### What you should do:
The expected result is a word-for-word copy of the entries, minus any pictures.

==============================

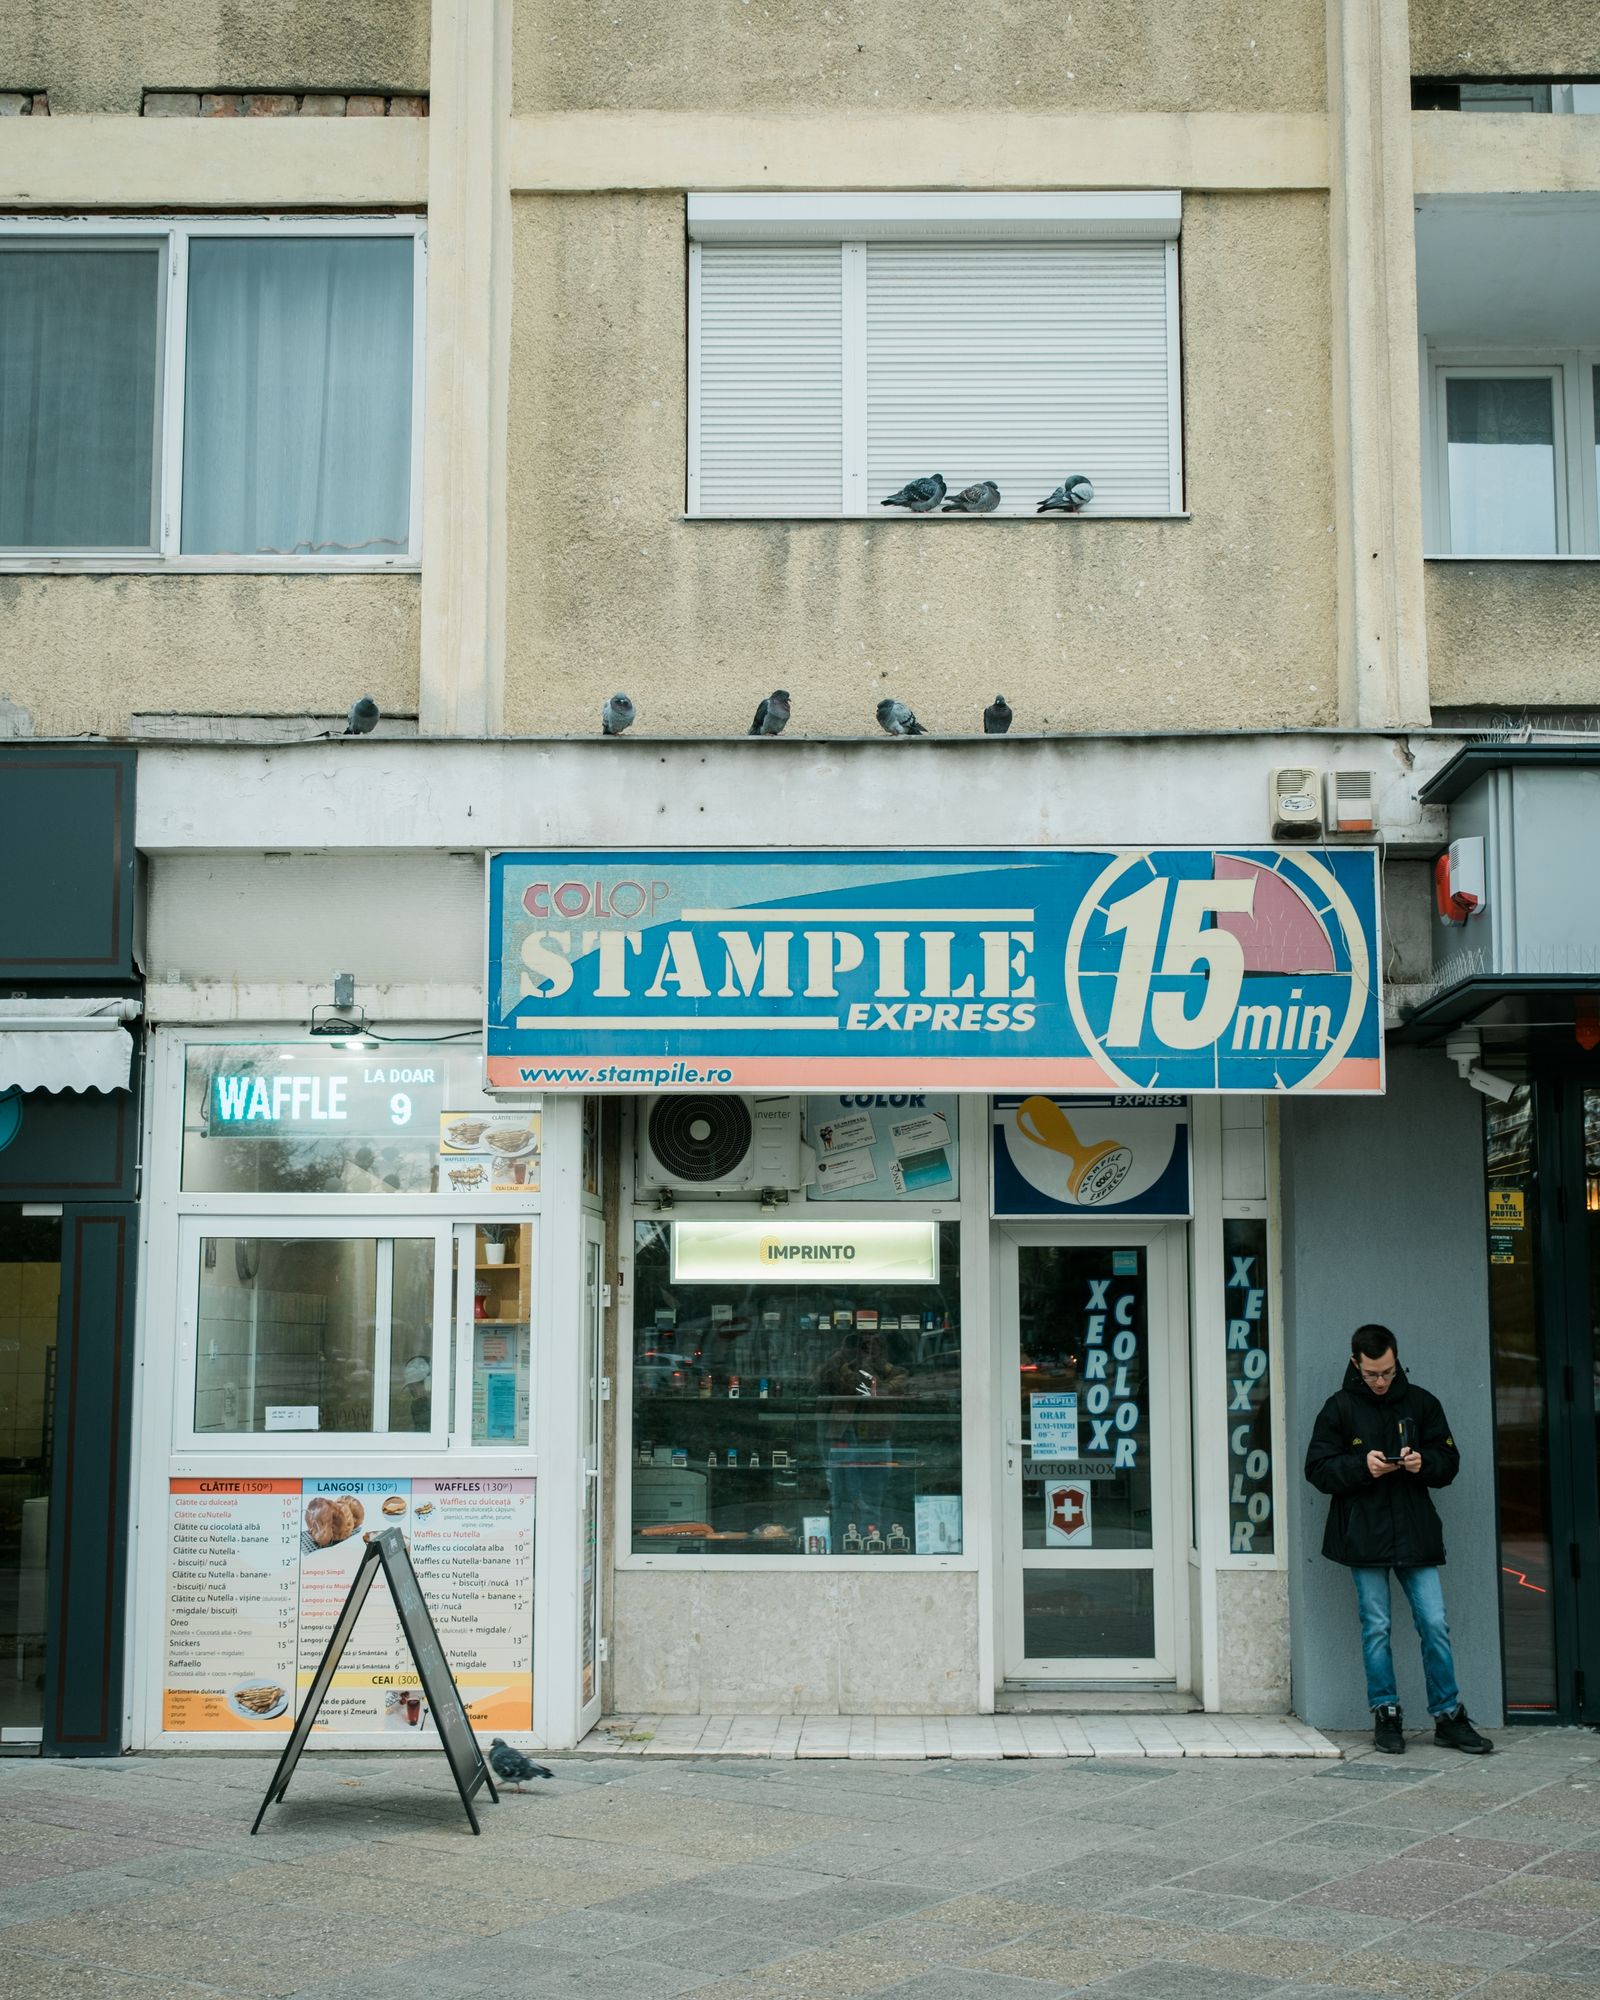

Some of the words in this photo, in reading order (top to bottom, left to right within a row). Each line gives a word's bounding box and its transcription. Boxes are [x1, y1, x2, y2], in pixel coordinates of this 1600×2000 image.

[521, 879, 671, 919] COLOP
[518, 929, 1036, 999] STAMPILE
[1104, 877, 1259, 1050] 15
[1232, 987, 1332, 1052] min
[846, 1002, 1037, 1032] EXPRESS
[364, 1069, 385, 1083] LA
[390, 1069, 435, 1083] DOAR
[518, 1063, 733, 1087] www.stampile.ro
[217, 1076, 348, 1120] WAFFLE
[839, 1094, 927, 1108] COLOR
[1114, 1095, 1182, 1106] EXPRESS
[390, 1093, 411, 1125] 9
[756, 1110, 791, 1119] inverter
[1090, 1166, 1126, 1200] EXPRESS
[768, 1245, 855, 1259] IMPRINTO
[1228, 1256, 1267, 1411] XEROX
[1085, 1280, 1114, 1450] XEROX
[1113, 1295, 1139, 1468] COLOR
[1024, 1464, 1115, 1475] VICTORINOX
[200, 1482, 240, 1492] CLĂTITE
[435, 1483, 480, 1491] WAFFLES
[1231, 1425, 1271, 1551] COLOR
[210, 1535, 236, 1543] Nutella
[476, 1627, 506, 1636] migdale
[170, 1639, 200, 1647] Snickers
[456, 1661, 486, 1669] migdale
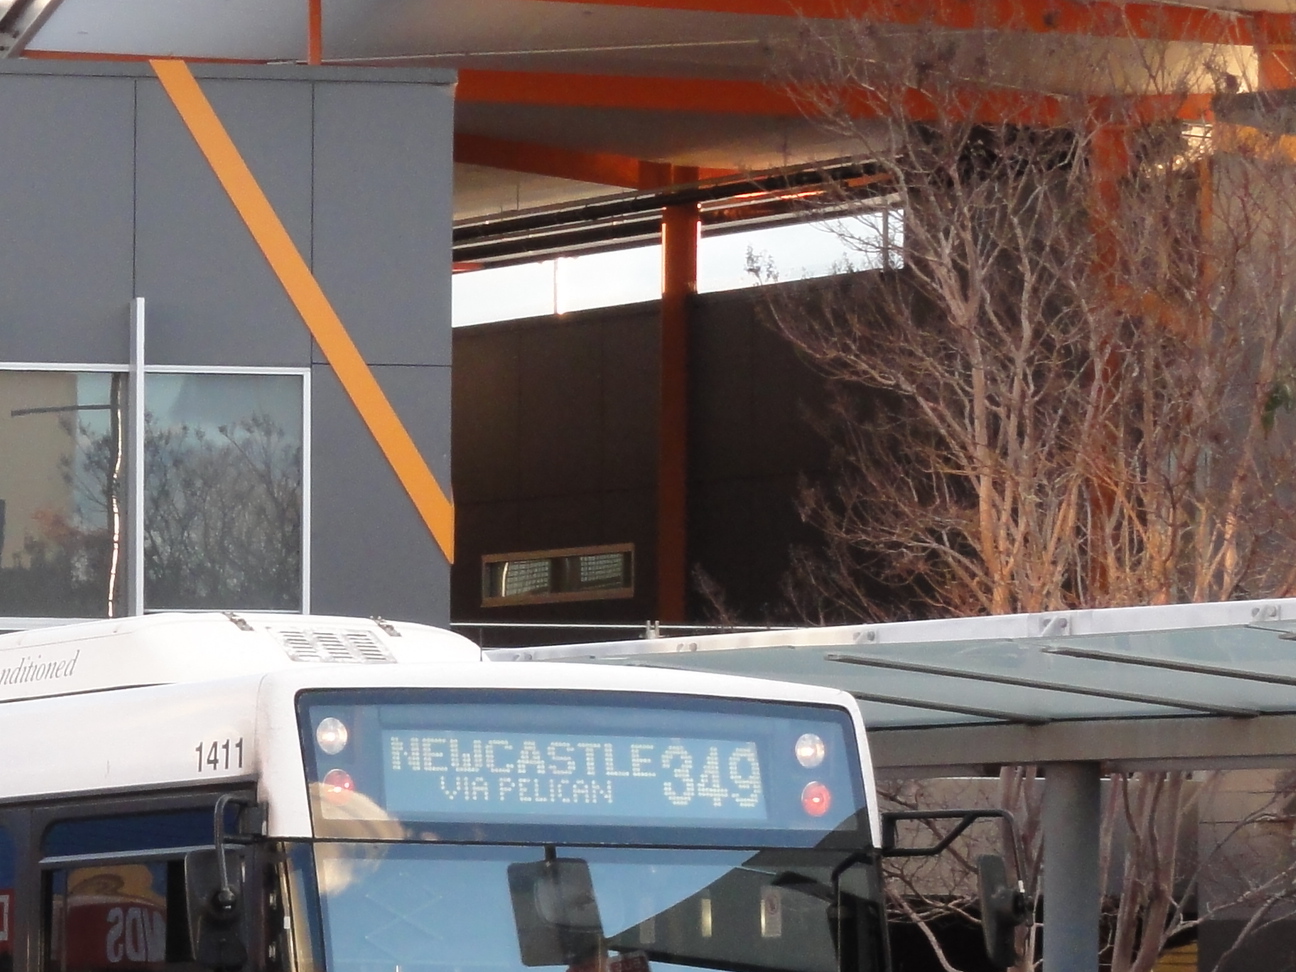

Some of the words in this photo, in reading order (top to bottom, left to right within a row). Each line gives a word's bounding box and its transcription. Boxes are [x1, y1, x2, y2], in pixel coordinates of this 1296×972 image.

[195, 737, 244, 772] 1411
[390, 736, 657, 777] NEWCASTLE
[660, 745, 764, 808] 349
[439, 776, 489, 801] VIA
[499, 777, 613, 804] PELICAN
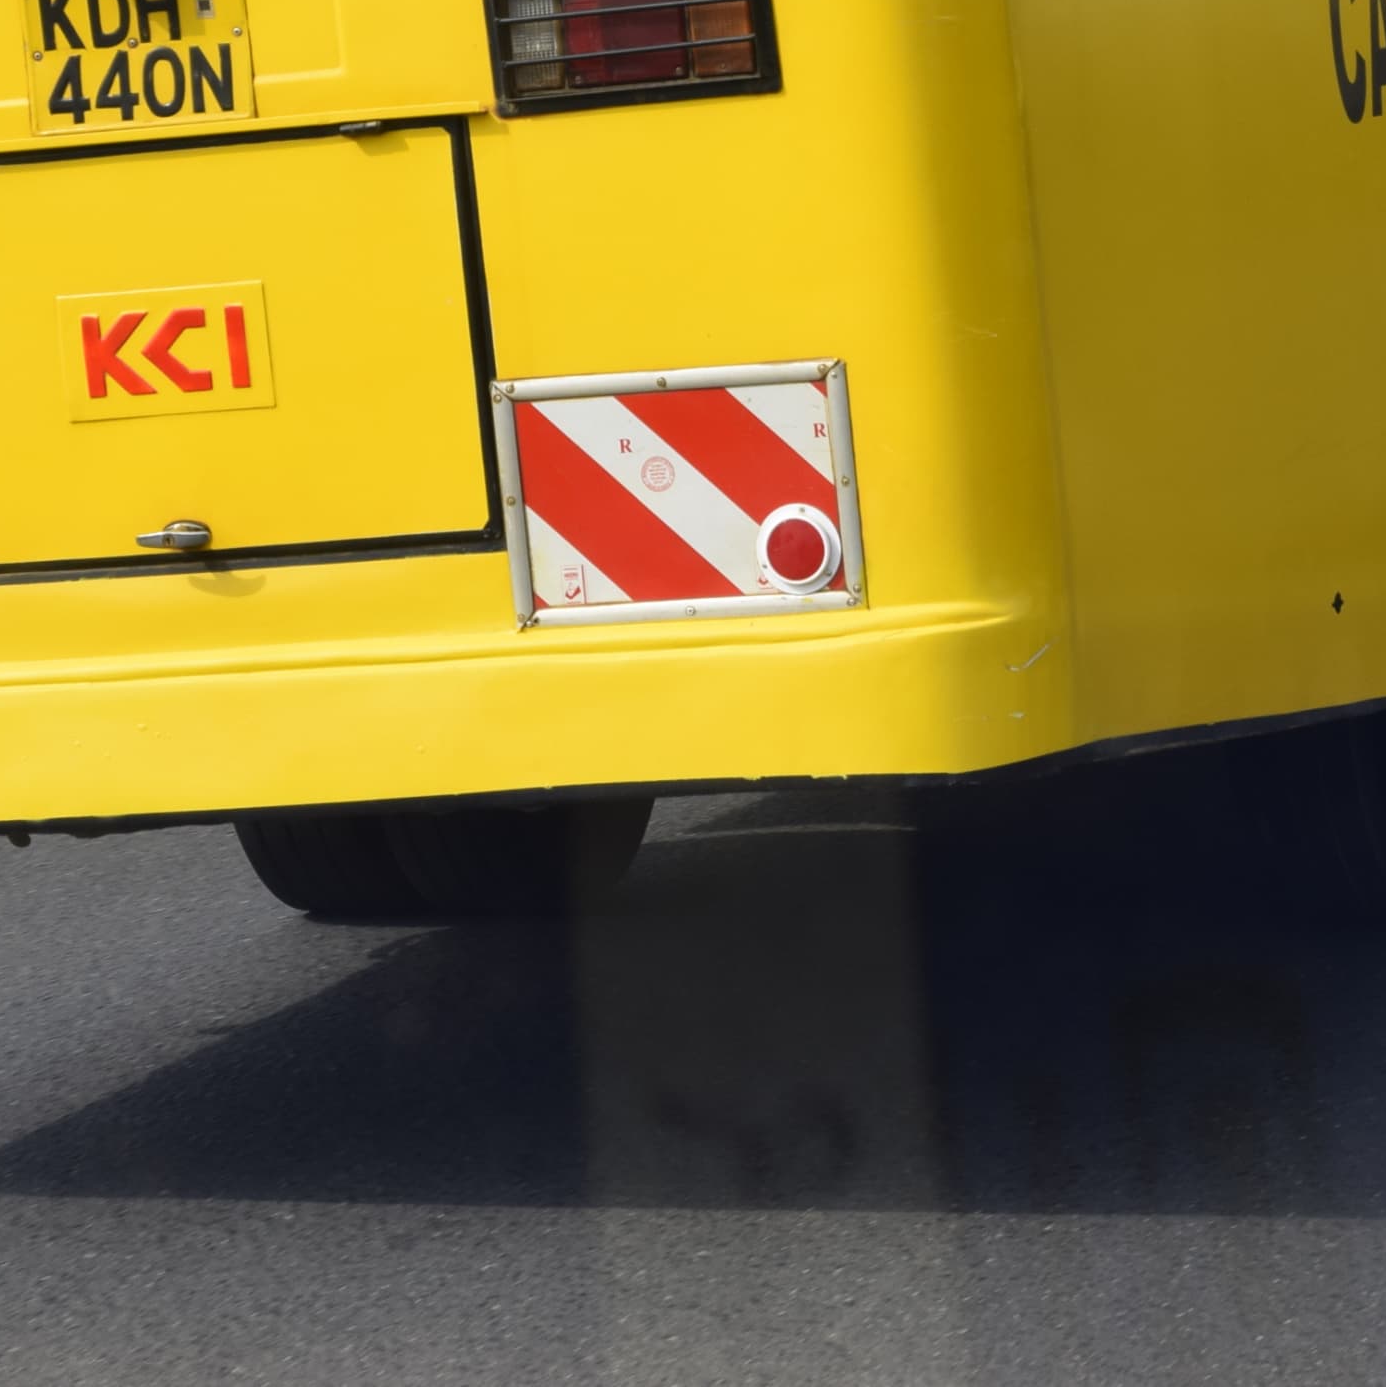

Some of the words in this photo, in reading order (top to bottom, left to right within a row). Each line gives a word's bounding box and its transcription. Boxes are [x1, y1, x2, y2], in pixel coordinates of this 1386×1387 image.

[48, 43, 235, 124] 440N
[81, 304, 252, 399] KCI
[619, 438, 633, 454] R
[813, 423, 826, 438] R

==============================

### Response area:
Some of the words in this photo, in reading order (top to bottom, left to right within a row). Each line gives a word's bounding box and its transcription. Boxes are [x1, y1, x2, y2], in pixel coordinates of this 1600×2000 image.

[521, 879, 671, 919] COLOP
[518, 929, 1036, 999] STAMPILE
[1104, 877, 1259, 1050] 15
[1232, 987, 1332, 1052] min
[846, 1002, 1037, 1032] EXPRESS
[364, 1069, 385, 1083] LA
[390, 1069, 435, 1083] DOAR
[518, 1063, 733, 1087] www.stampile.ro
[217, 1076, 348, 1120] WAFFLE
[839, 1094, 927, 1108] COLOR
[1114, 1095, 1182, 1106] EXPRESS
[390, 1093, 411, 1125] 9
[756, 1110, 791, 1119] inverter
[1090, 1166, 1126, 1200] EXPRESS
[768, 1245, 855, 1259] IMPRINTO
[1228, 1256, 1267, 1411] XEROX
[1085, 1280, 1114, 1450] XEROX
[1113, 1295, 1139, 1468] COLOR
[1024, 1464, 1115, 1475] VICTORINOX
[200, 1482, 240, 1492] CLĂTITE
[435, 1483, 480, 1491] WAFFLES
[1231, 1425, 1271, 1551] COLOR
[210, 1535, 236, 1543] Nutella
[476, 1627, 506, 1636] migdale
[170, 1639, 200, 1647] Snickers
[456, 1661, 486, 1669] migdale

Some of the words in this photo, in reading order (top to bottom, left to right within a row). Each line gives a word's bounding box and its transcription. Boxes are [x1, y1, x2, y2], in pixel coordinates of this 1296×972 image.

[195, 737, 244, 772] 1411
[390, 736, 657, 777] NEWCASTLE
[660, 745, 764, 808] 349
[439, 776, 489, 801] VIA
[499, 777, 613, 804] PELICAN

Some of the words in this photo, in reading order (top to bottom, left to right within a row). Each line gives a word's bounding box and its transcription. Boxes are [x1, y1, x2, y2], in pixel coordinates of this 1386×1387 image.

[48, 43, 235, 124] 440N
[81, 304, 252, 399] KCI
[619, 438, 633, 454] R
[813, 423, 826, 438] R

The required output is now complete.